44. The OL sought to appoint an auditor to investigate if any

misfeasance, misapplication of Funds or breach of trust by Ex-

Directors have been made or not with reference to Section 542 and

543 of the Act, and other consequential directions. Perusal of the

record would show that such relief is not warranted in the present case

as the material placed on record does not disclose any prima facie

case of misfeasance, fraud, or breach of trust attributable to the Ex-

Directors so as to necessitate an Auditor or Central Bureau of

Investigation. It is to be noted that the OL has been in possession of

the company's premises and records since 1998, yet not have traced

any vital documents which were subsequently recovered by a

representative of the respondents, thereby casting doubt on the

diligence exercised by the OL. Appointment of Auditor under such

circumstances must be founded on clear suspicion supported by

specific financial irregularities, and not merely on general

dissatisfaction with the conduct of past Directors. In the above

circumstances this Court is of the view that there exists no necessity

for appointing an auditor at this stage. Therefore, this point is answered

accordingly.

Point No.2:

45. With regard to entrustment of investigation, CBI, CBCID,

or Economic Offences Wing to investigate/to inquire into the financial

irregularities alleged against the Ex-Directors, it is relevant to discuss

a judgment of Full Bench of the Supreme Court in Common Cause, a

registered society (supra), held as follows:-

"174. The other direction, namely, the direction to the C.B.I. to investigate "any other offence" is wholly erroneous and cannot be sustained. Obviously, direction for investigation can be given only if an offence is, prima facie, found to have been committed or a person's involvement is prima facie established, but a direction to the C.B.I. to investigate whether any person has committed an offence or not cannot be legally given. Such a direction would be contrary to the concept and philosophy of "LIFE" and "LIBERTY" guaranteed to a person under Article 21 of the Constitution".

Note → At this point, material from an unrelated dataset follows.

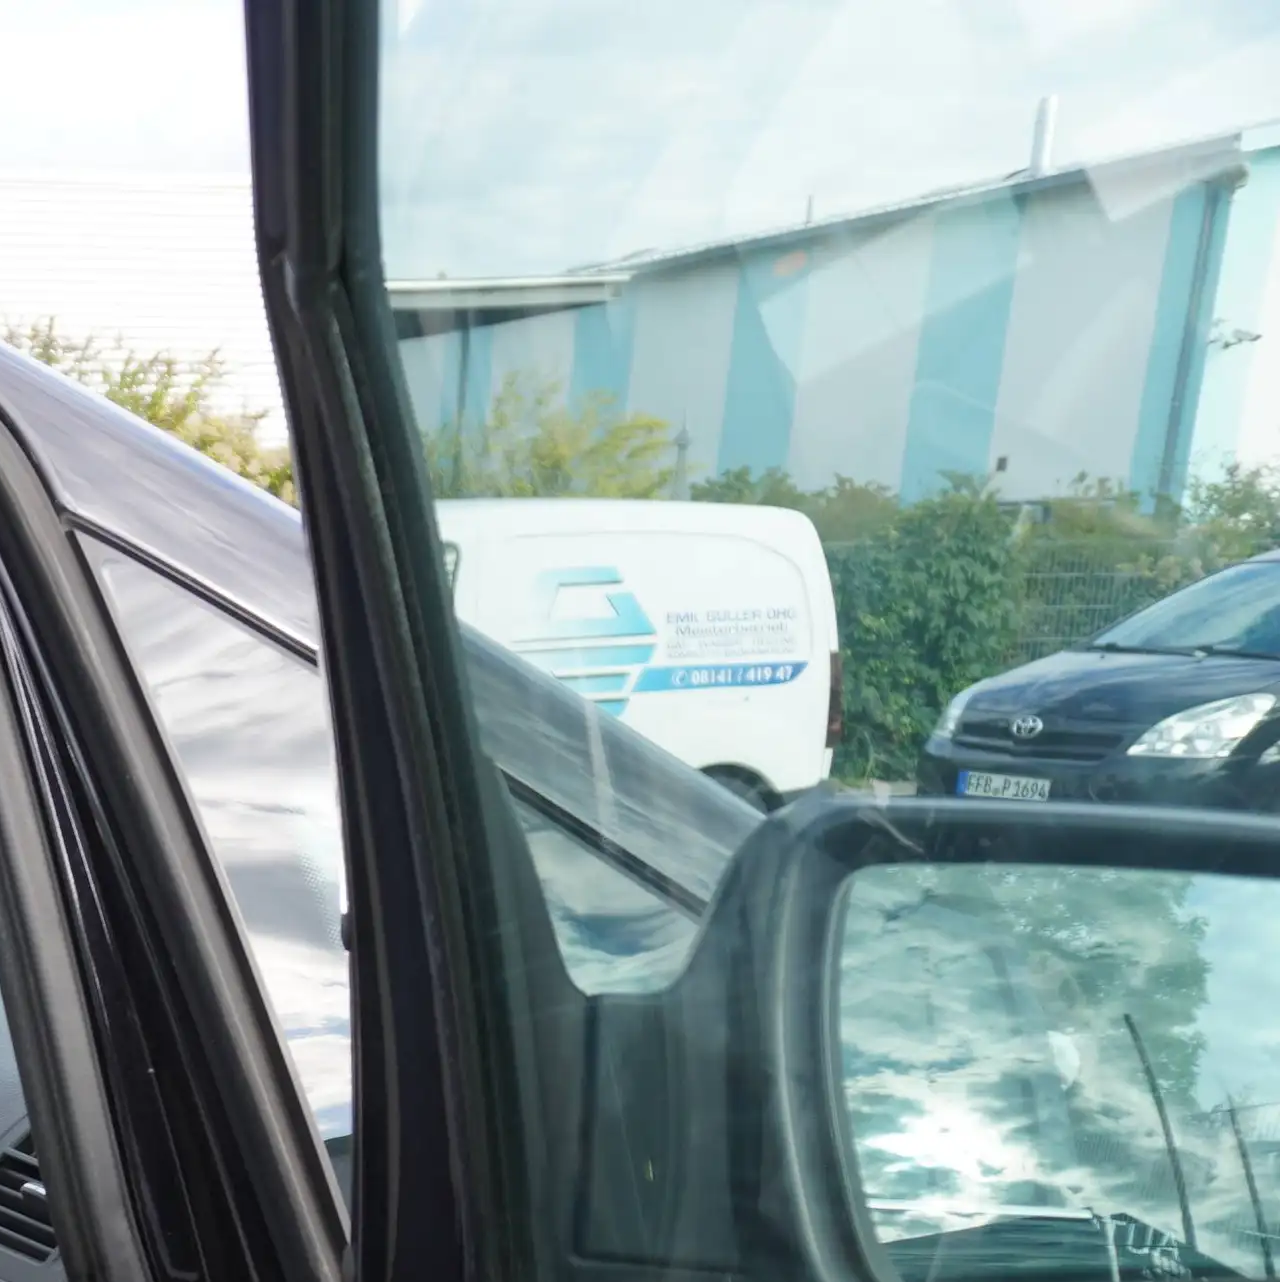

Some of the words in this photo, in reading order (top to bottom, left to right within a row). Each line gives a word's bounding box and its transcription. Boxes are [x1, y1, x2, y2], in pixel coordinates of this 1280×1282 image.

[691, 669, 733, 686] 08141
[746, 667, 773, 683] 419
[968, 773, 993, 794] FFB

46. A Division Bench of the Apex Court in Vinay Aggarwal

(supra) held as follows:-

"13. The High Courts should direct for CBI investigation only in cases where material prima facie discloses something calling for an investigation by CBI and it should not be done in a routine manner or on the basis of some vague allegations. The "ifs" and "buts" without any definite conclusion are not sufficient to put an agency like CBI into motion ( 12Minor Irrigation & Rural Engg. Services, U.P. v. Sahngoo Ram Arya,). After going through the records of the case, we are of the view that the present case is not the one where CBI investigation ought to have been directed by the High Court."

47. This Court in Mr.B.Sailesh Saxena vs. Union of India13

had an occasion to consider the circumstances under which

investigation can be transferred to the Central Bureau of Investigation.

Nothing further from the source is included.